Inequality in Alice Springs education including the creation of an “elite” primary school – Ross Park – through geographic zoning is being targeted by Independent candidate for Braitling, Kim Hopper.
For example, she says Ross Park has the highest socio-educational advantage with Sadadeen at the opposite end of the scale.
Sadadeen receives vastly more government funding ($28,726 per student, NT and Federal combined) compared to Ross Park, $16,617 (2018 figures – see table).
“The school zones are dividing our community along racial and class lines, creating huge disparities in the educational outcomes of our children and resulting in segregation of our community,” says Ms Hopper (pictured, photo supplied), who, with her partner, runs a cafe and a coffee roasting and merchandising business.
“Reforming the school zones would give our community a chance to break down the racial divides in our town.

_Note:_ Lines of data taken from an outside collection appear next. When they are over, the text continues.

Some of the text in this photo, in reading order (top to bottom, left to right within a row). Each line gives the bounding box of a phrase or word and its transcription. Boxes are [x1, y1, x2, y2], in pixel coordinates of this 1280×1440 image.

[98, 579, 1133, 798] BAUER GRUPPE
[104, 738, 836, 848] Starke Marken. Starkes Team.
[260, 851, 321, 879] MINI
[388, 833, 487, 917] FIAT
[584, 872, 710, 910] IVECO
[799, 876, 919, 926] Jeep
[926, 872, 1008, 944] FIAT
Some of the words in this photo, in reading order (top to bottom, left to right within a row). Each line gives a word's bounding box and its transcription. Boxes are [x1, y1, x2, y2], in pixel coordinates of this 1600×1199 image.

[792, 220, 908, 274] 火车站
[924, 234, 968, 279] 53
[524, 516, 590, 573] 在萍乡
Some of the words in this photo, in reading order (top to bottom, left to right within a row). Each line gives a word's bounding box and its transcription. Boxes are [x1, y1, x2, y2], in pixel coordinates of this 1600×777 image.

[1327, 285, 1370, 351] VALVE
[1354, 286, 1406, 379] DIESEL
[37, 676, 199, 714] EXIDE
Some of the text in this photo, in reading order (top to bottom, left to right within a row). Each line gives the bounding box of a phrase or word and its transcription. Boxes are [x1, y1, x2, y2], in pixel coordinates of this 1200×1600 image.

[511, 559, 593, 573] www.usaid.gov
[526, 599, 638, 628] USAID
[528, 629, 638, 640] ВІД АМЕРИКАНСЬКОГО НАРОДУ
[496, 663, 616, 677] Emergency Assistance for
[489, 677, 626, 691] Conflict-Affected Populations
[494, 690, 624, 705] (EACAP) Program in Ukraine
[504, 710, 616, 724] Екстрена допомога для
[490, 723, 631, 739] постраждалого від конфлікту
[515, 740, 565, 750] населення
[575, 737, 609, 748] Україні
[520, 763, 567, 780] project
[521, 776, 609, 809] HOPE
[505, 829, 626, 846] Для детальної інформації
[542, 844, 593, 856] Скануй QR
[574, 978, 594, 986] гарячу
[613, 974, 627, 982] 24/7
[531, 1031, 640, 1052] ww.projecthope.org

“We need to end the segregation that begins with our kids’ very first day of school. The zoning must be urgently and transparently addressed.”
In a comprehensive statement, quoting NT Government information which she says is on the public record, Ms Hopper points to huge discrepancies in five areas:–
• The Index of Community Socio-Economic Advantage (ICSEA) “which is a scale identifying the socio-educational advantage of a school. Key factors [are] in students’ family backgrounds (parents occupation, school education and non-school education).
• Language Background other then English.
• Federal funding.
• NT Government funding.
She is quoting in her release a parent, Steph Harrison, who raised these zoning issues in a report by the Alice Springs News in April 2018 (note the map in that report).
Says Ms Hopper: “The school zones don’t make geographical sense.
“A key example of this is where town camps have been excluded from a school they are closest to, and affluent suburbs that are located a further distance from the school are included in the zone.
“We have a situation where two schools, with only 1.5kms between them, have completely different student demographics.
“One school has mostly middle class white students, and the other predominantly Aboriginal students, from low income households.
“Both schools have fantastic educators dedicated to improving outcomes for all students, but the zoning system is a disservice to all.”
The News has invited the Minister for Education, Selena Uibo, to respond.
Minister Uibo says: “I understand the community concerns regarding the Alice Springs school priority enrolment areas and a review of school zones is underway.
“The Territory Labor Government believes all children deserve equal access to quality education, regardless of their location and circumstances, and we will continue to work to deliver this.”